Now, let’s get distracted a little bit of Kafka Connect and talk about combining push-based SSE stream and pull-based SourceTask's behavior and backpressure.

Wikipedia generates events independently of our tasks. We do not own its event stream and we cannot pause it or ask it for a specific number of new events only when we’re ready to accept them. Events just happen and we need to deal with them. This event stream follows the push model.

On the other side, we have a poll method that is invoked by Kafka Connect when it’s ready to accept new records. Upon the invocation, poll may return a list of records or block if there are no new records. It may also return null (I guess an empty list will work too) to yield the thread periodically. Kafka Connect is calling this method in a loop, and this call follows the pull model.

And here we have a problem of combining a push-based SSE stream nature with a pull-based framework.

Imagine a chameleon and a swarm of flies around it. Flies fly in and fly out and the chameleon periodically fires its tongue to catch a fly.

Chameleon catching flies

We’ll use a SynchronousQueue as a "chameleon’s tongue" between the SSE stream and Kafka Connect. Every time there is a new event in the SSE stream we put it to the queue. This call blocks until the take method is called at the other side. take is called in the task’s poll. Actually, I’ve replaced take with its time-limited poll counterpart (another poll, no puns intended here) to yield the thread periodically.

That’s not probably how real chameleons work, but, you know, the software was always only an approximation of the real world.

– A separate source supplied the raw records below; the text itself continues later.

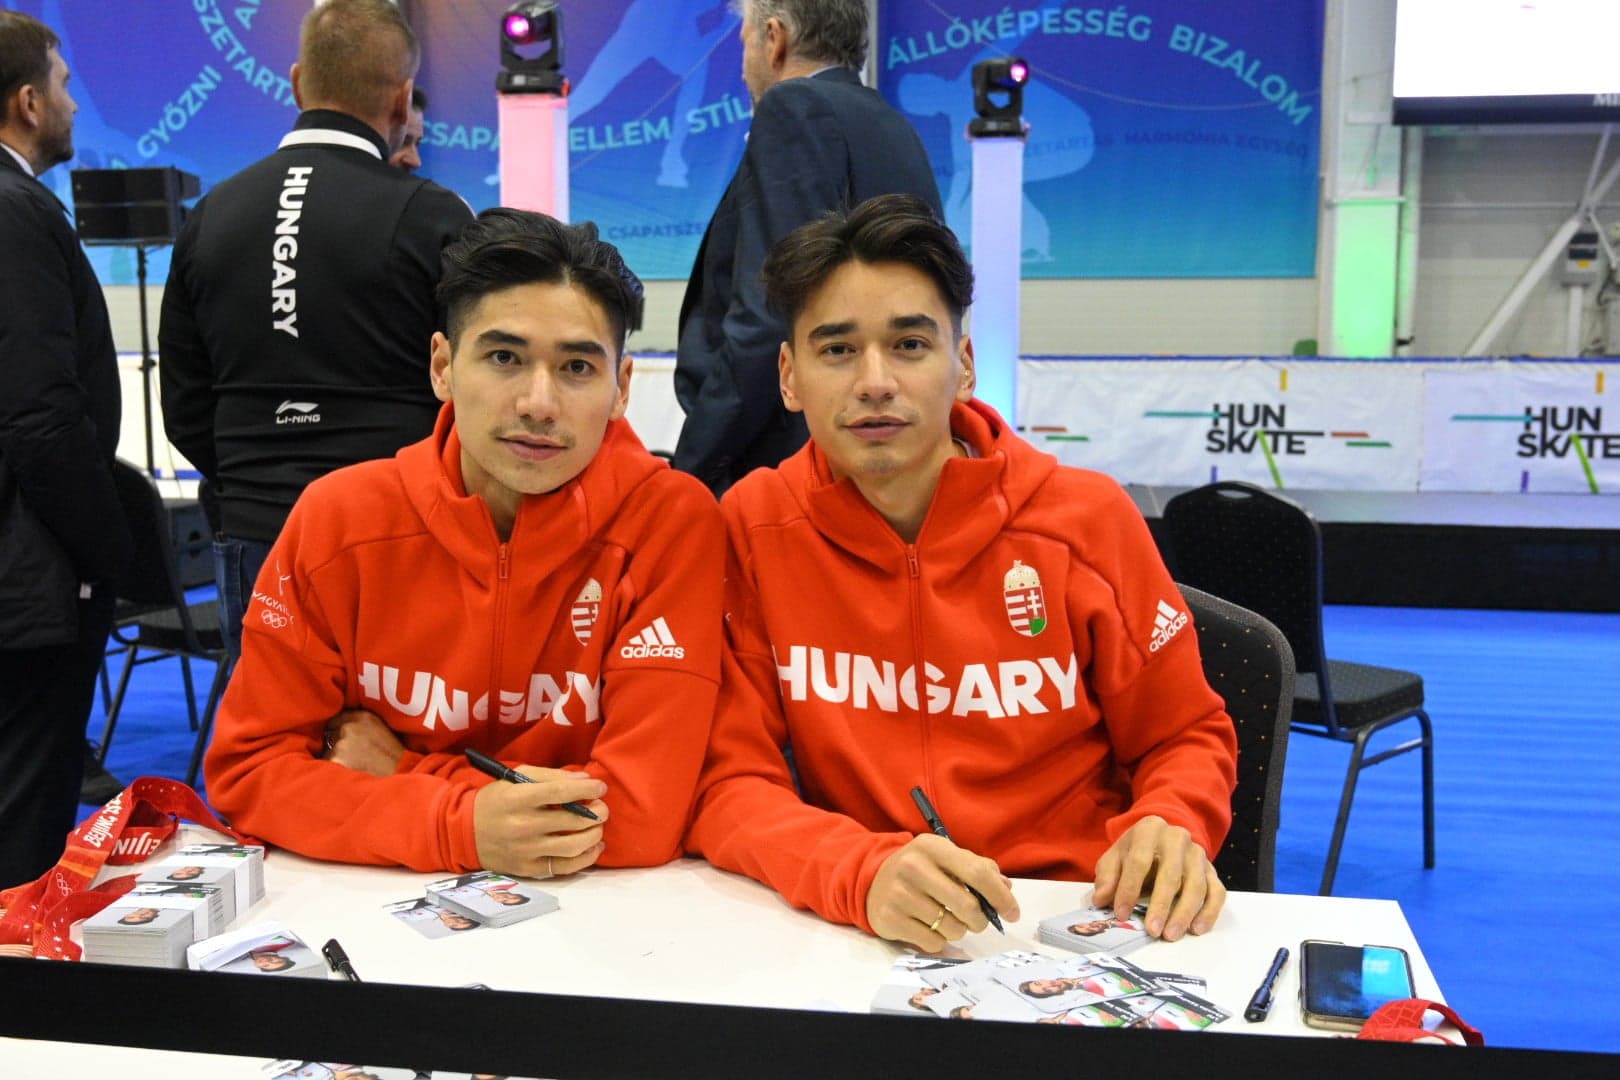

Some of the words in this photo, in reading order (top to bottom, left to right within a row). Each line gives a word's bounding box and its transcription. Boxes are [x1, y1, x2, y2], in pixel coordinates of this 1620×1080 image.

[887, 7, 1153, 70] ÁLLÓKÉPESSÉG
[1168, 24, 1314, 127] BIZALOM
[137, 64, 223, 159] GYŐZNI
[271, 166, 314, 338] HUNGARY
[275, 413, 321, 425] LI-NING
[1212, 403, 1286, 428] HUN
[1524, 406, 1602, 432] HUN
[1205, 429, 1306, 455] SKATE
[1516, 433, 1620, 459] SKATE
[1148, 611, 1189, 654] adidas
[620, 642, 685, 660] adidas
[772, 645, 1077, 719] HUNGARY

Now you may ask: what happens when a fresh event arrives and we’re still not yet finished with the previous one. And this is the problem of backpressure.

Our SSE stream is a Flowable and it supports backpressure out-of-the-box: it allows subscribers to signal a demand for new events via request method. But in our case the events arrive from the source that doesn’t support backpressure: Wikipedia’s event stream is not pausable, events just happen, we don’t have control over them and they may arrive faster then we call the request.

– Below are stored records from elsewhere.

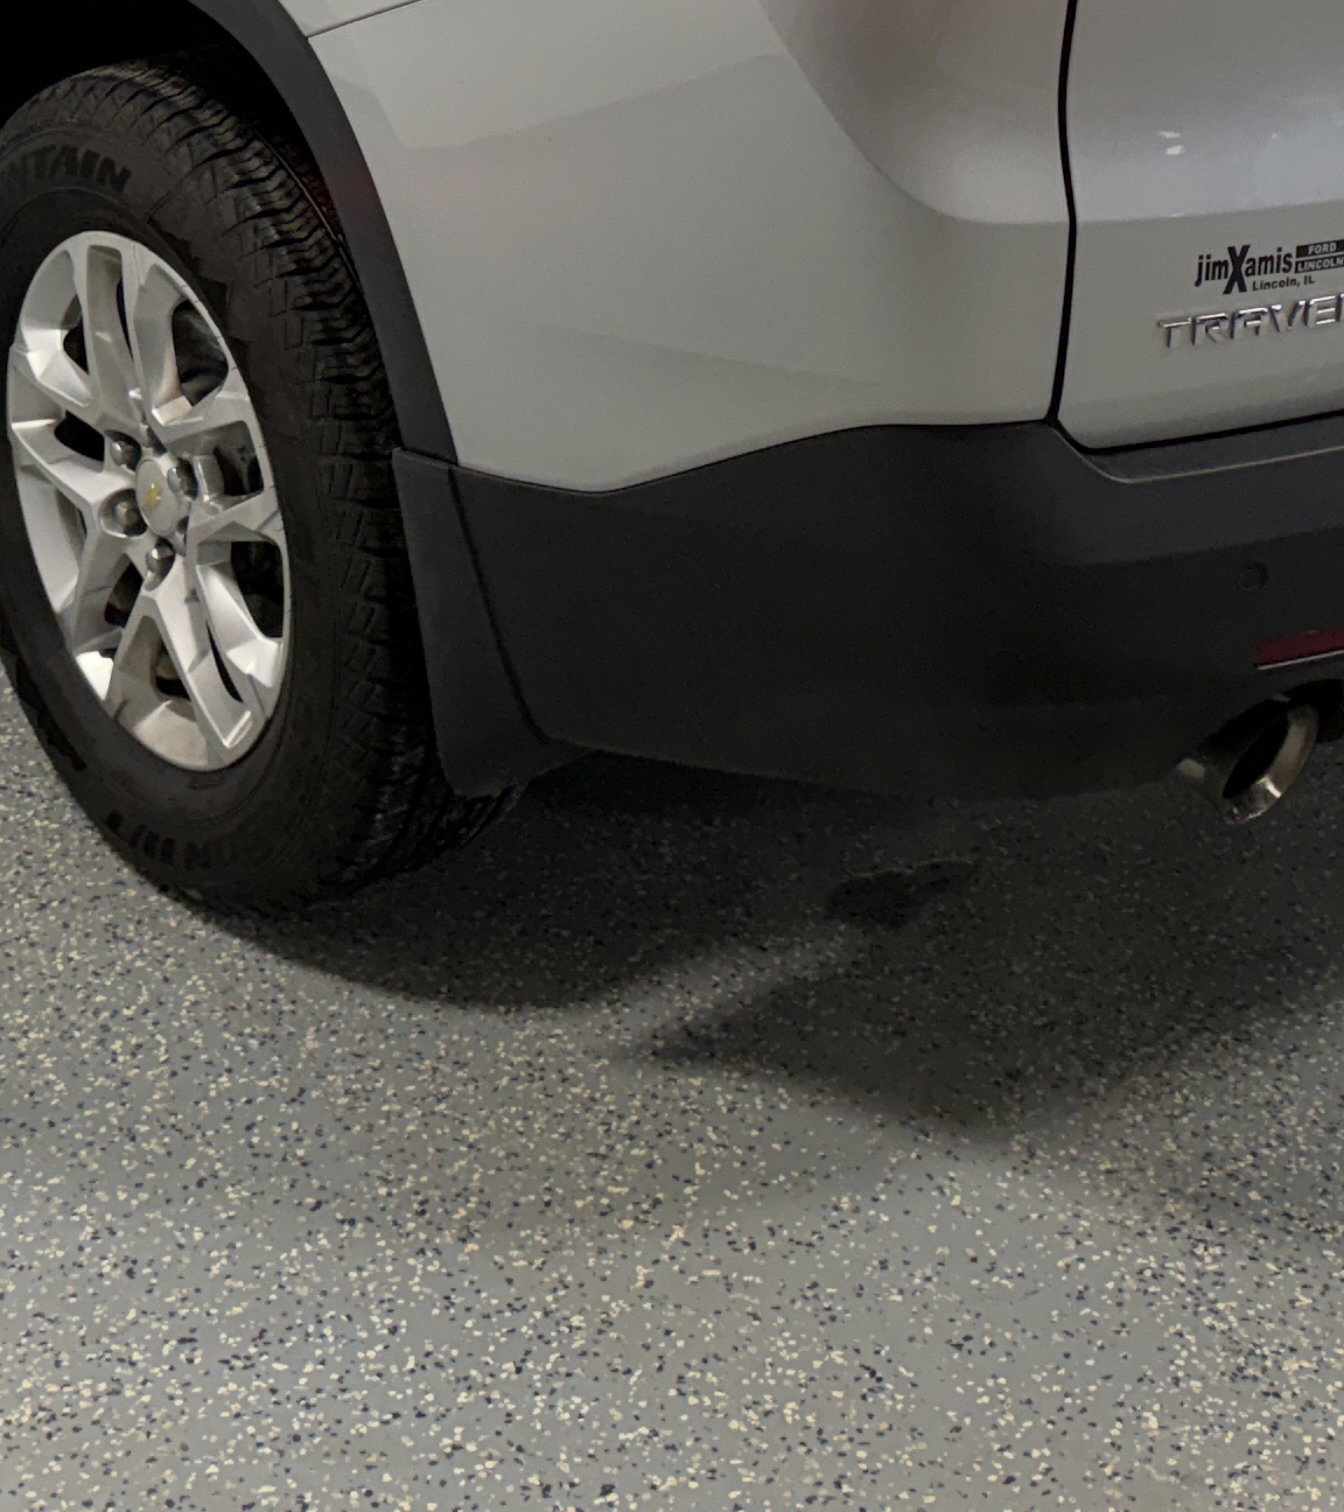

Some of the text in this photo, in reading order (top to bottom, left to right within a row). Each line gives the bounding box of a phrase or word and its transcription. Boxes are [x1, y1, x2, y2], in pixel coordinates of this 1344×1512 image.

[1307, 241, 1337, 255] FORD
[1296, 256, 1344, 273] LINCOLN
[1251, 274, 1315, 291] Lincoln, IL
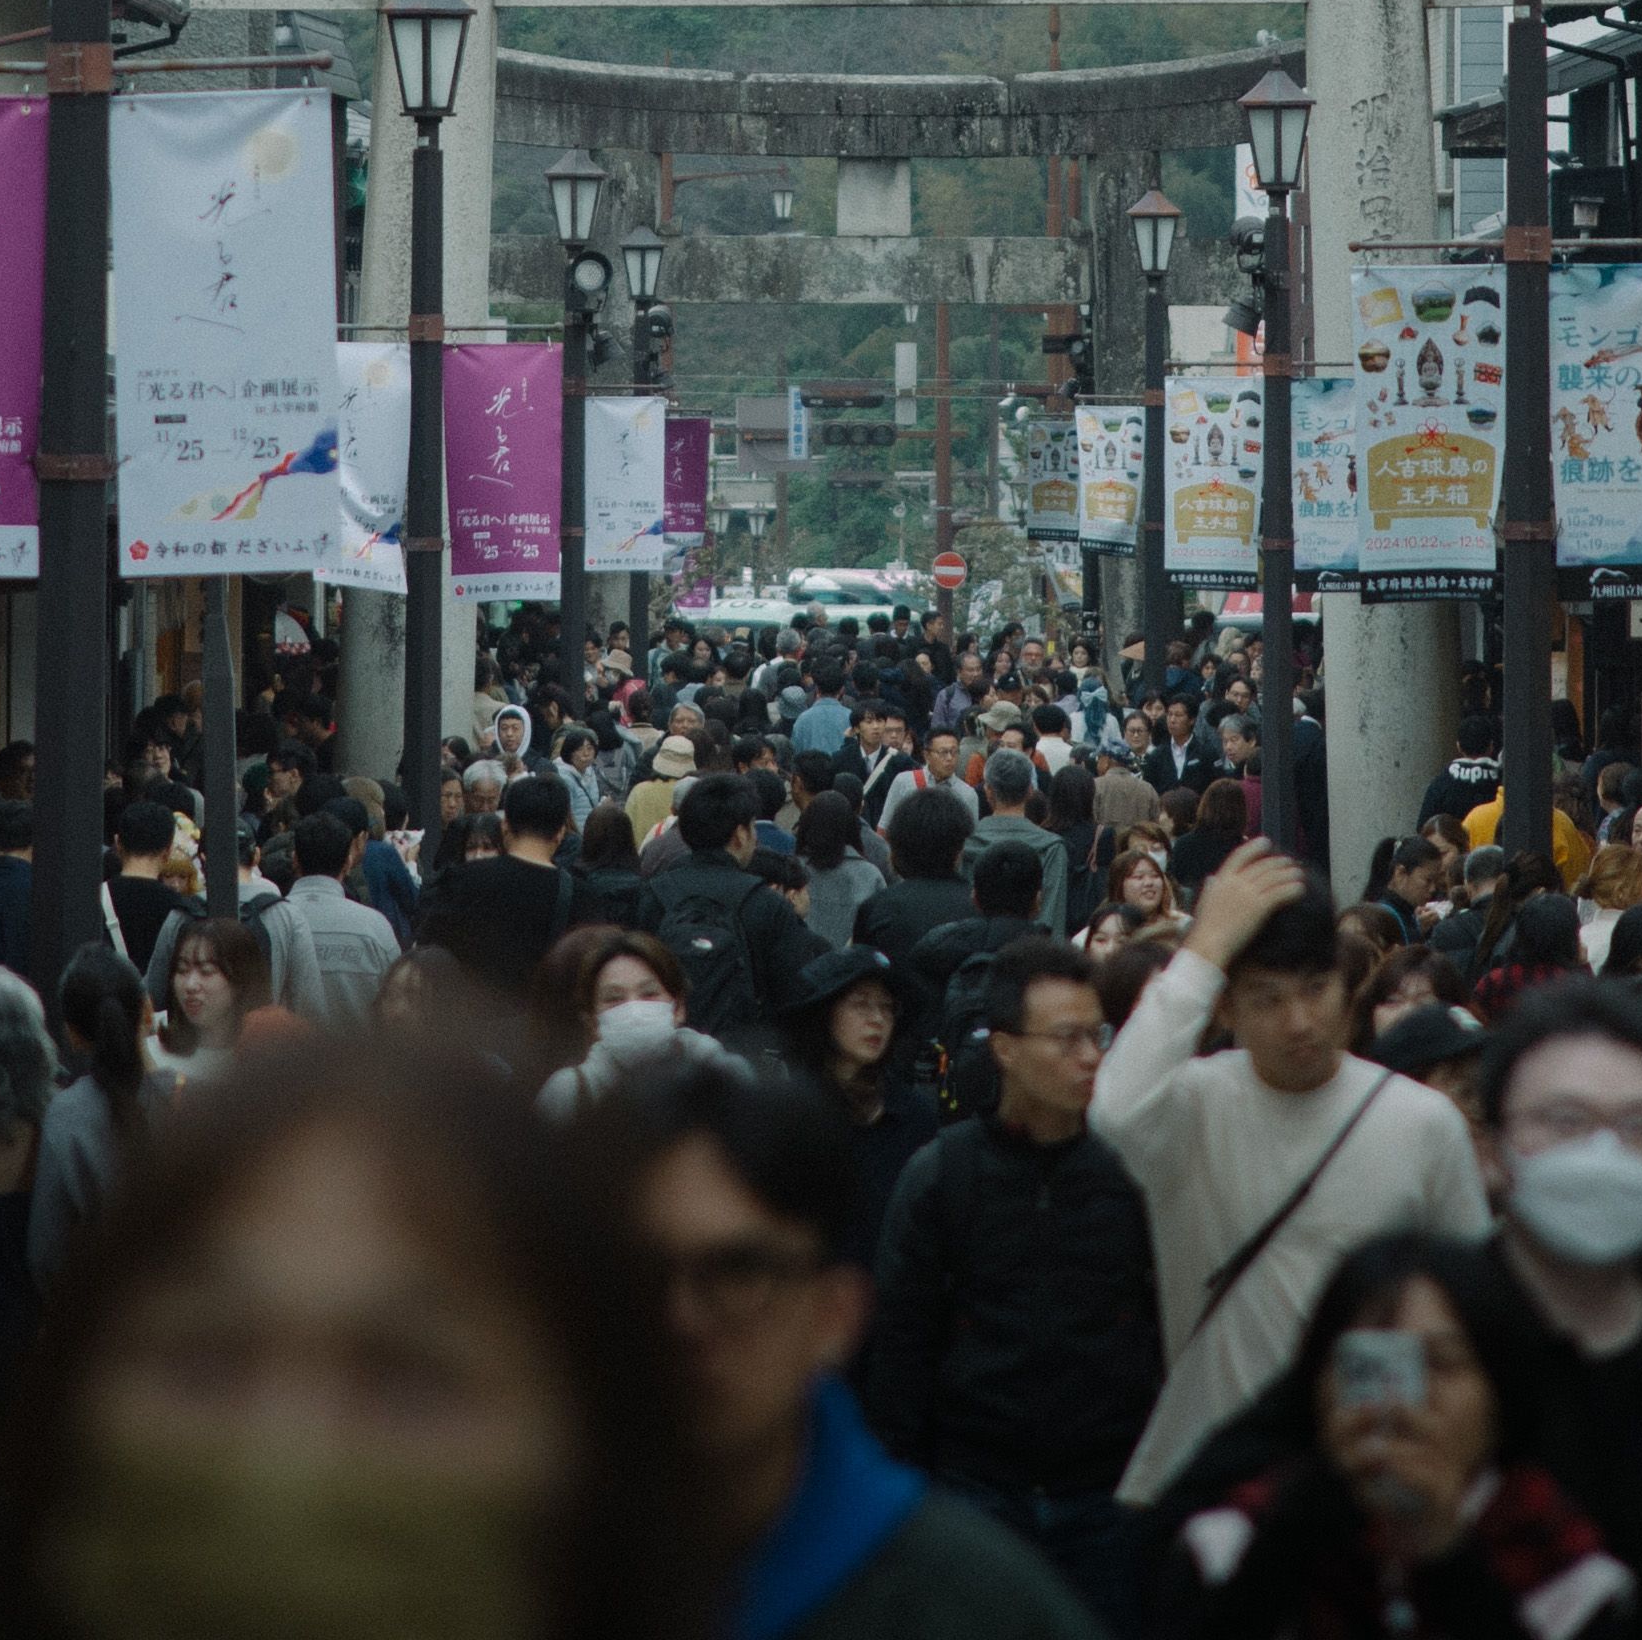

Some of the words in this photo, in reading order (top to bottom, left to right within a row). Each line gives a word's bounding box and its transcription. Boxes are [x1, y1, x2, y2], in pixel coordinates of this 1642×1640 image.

[1558, 364, 1642, 392] 襲来の
[1296, 441, 1351, 459] 襲来の
[1375, 454, 1489, 479] 人吉球磨の
[1397, 483, 1470, 506] 玉手箱
[154, 539, 227, 558] 令和の都

Basically, we could either buffer or drop extra events. Buffering only helps to mitigate bursts of events, i.e. when events generally arrive at a slower than the processing rate. It won’t help when the event rate exceeds the processing speed. In this case, you need to either scale your app or drop the exceeding events.

I decided to drop the events for simplicity as this is not a production connector and that’s what onBackpressureDrop means in the stream definition above. I want to note that even this naive implementation doesn’t actually drop any events with a single task running on my laptop along with a three-node Kafka cluster.

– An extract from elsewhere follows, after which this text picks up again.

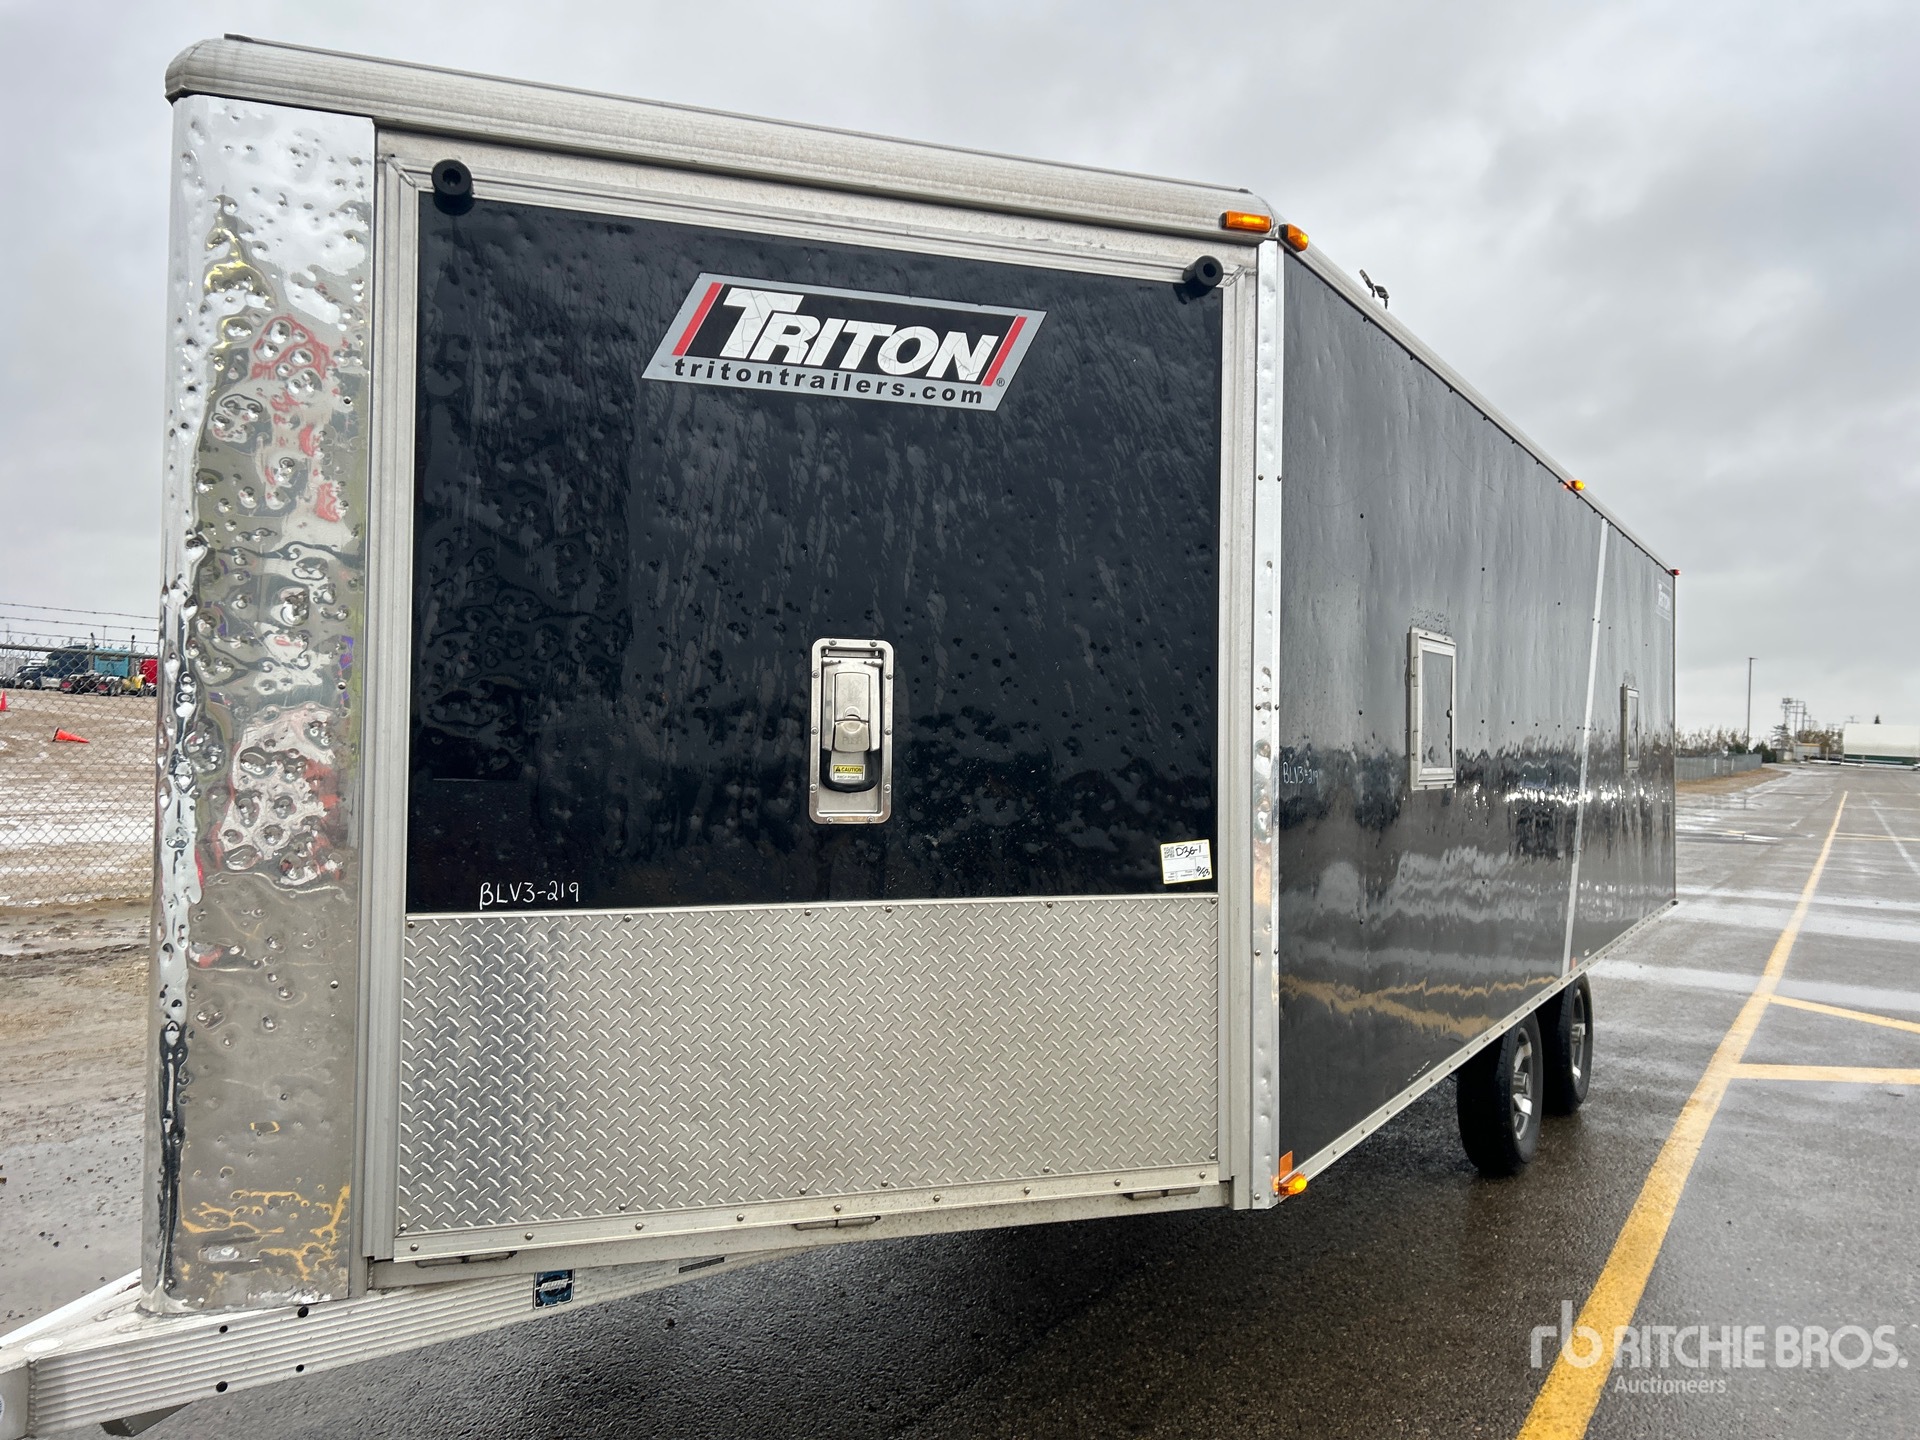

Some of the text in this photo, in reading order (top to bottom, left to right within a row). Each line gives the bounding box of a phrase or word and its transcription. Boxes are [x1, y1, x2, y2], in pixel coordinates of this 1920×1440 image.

Back to our WikipediaSourceTask, let’s look at the recentChangesSubscriber. This is a final destination of the SSE stream:

private val rendezvous = SynchronousQueue<RecentChange>()

private val recentChangesSubscriber = object : DisposableSubscriber<RecentChange>() {
    override fun onStart() {
        request(1)
    }

    override fun onNext(t: RecentChange?) {
        t?.let {
            rendezvous.put(it)
        }
        request(1)
    }

    override fun onComplete() {
    }

    override fun onError(t: Throwable?) {
        logger.error("Error in SSE stream", t)
    }
}

Now, the poll method, the other side of the rendezvous queue. The implementation is conceptually straightforward: take the event from the queue and turn it into a SourceRecord.

override fun poll(): List<SourceRecord> {
    return rendezvous.poll(1, TimeUnit.SECONDS)?.let { event ->
        val record = SourceRecord(
                /* sourcePartition */ mapOf("domain" to event.meta?.domain),
                /* sourceOffset */ mapOf("dt" to event.meta?.dt?.time),
                /* topic */ topic,
                /* partition */ null,
                /* keySchema */ Schema.STRING_SCHEMA,
                /* key */ event.meta?.id ?: "",
                /* valueSchema */ Schema.BYTES_SCHEMA,
                /* value */ mapper.writeValueAsBytes(event)
        )

        logger.debug("Producing a record: {}", record)

        listOf(
                record
        )
    } ?: emptyList()
}

Points of interest in this code are sourcePartition, sourceOffset, partition, and schemas.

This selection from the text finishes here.